THE DISGRACED DEBUTATNE
10 YEARS LATER
“No fuss, Bobby. I don’t need a sendoff,” Gray said to his colleague Detective Stanton.
“We heard you when you said it the first time, Gray. No need to reiterate.”
The man was big and bluff, and he and Gray had worked alongside each other for nine years now.
“I want to thank you for helping me when I first joined Scotland Yard, Gray. I was new and nervous, and you took me under your wing and helped.”
“You were intelligent, with a thirst to learn. It was a pleasure to help you, Bobby.”
He shook the hand his friend held out to him.
“Best wishes to you then, my friend. It’s my hope we see you around here from time to time.”
“I will return just to make sure you are all doing as you should,” Gray said with a smile.
When the door closed behind his friend, he looked around his office. The room that had once been cold and sterile, his wife’s words, was now anything but.
Pictures his children had drawn were on one wall. A painting of a mountain Ellen had told him was perfect to look at from his desk, hung opposite. Beside that was a mirror for him to check his appearance, as she said he needed to ensure he was not interrogating criminals with food between his teeth.
Gray snorted. Life had taken a vastly different direction than he’d ever envisioned. Once, he’d believed a solitary existence, child and wife free, would suit him. He’d been wrong.

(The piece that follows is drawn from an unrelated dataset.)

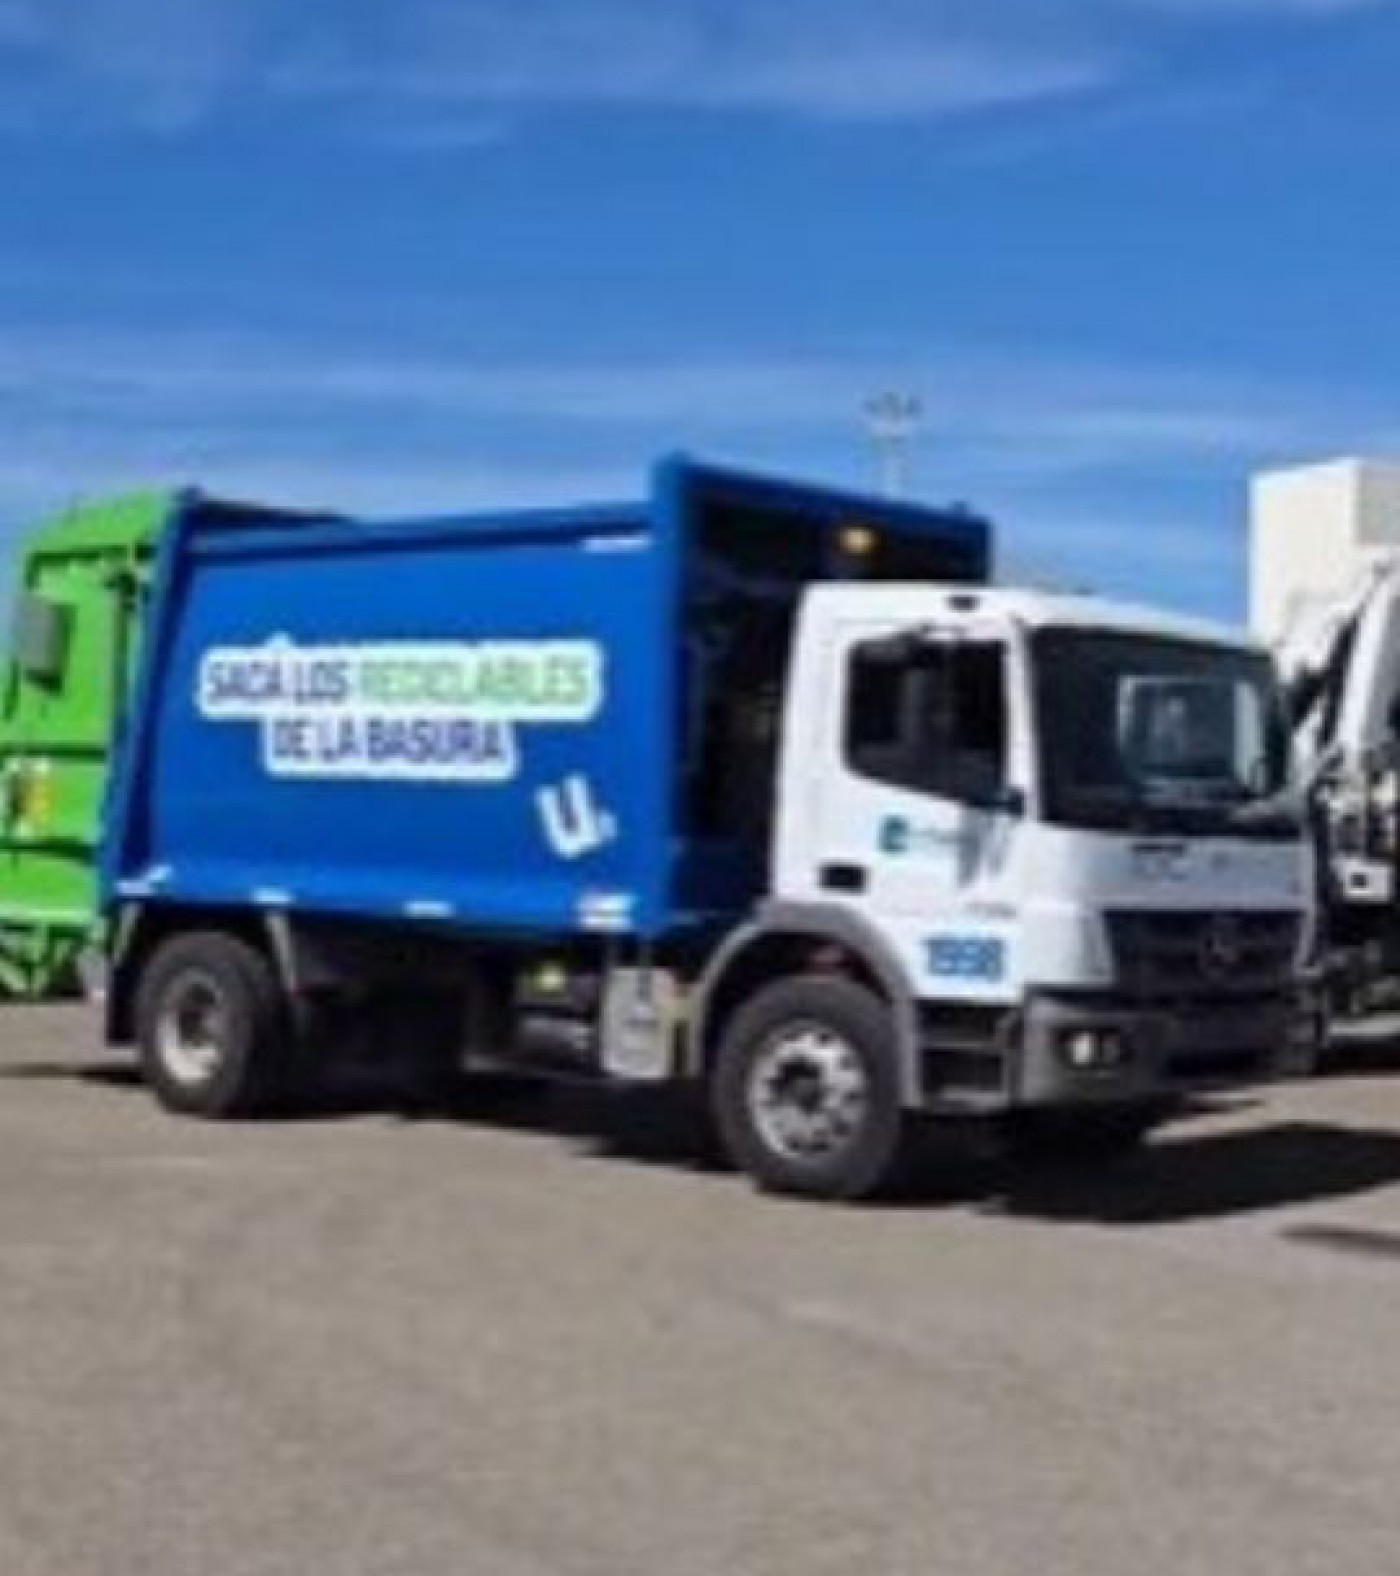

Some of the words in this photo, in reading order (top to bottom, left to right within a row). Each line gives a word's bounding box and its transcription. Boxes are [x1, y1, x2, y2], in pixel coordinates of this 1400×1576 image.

He loved his family deeply. Ellen was the center of his world, and with the birth of each of his children, they added to that. He was loved.
Loud, messy, and demanding. His children were a combination of him, Ellen, and the rest of their families.
A tap on his door had it opening and there stood his wife. Like him, she had aged, but was still as beautiful as the day he’d married her. At her side was his eldest child.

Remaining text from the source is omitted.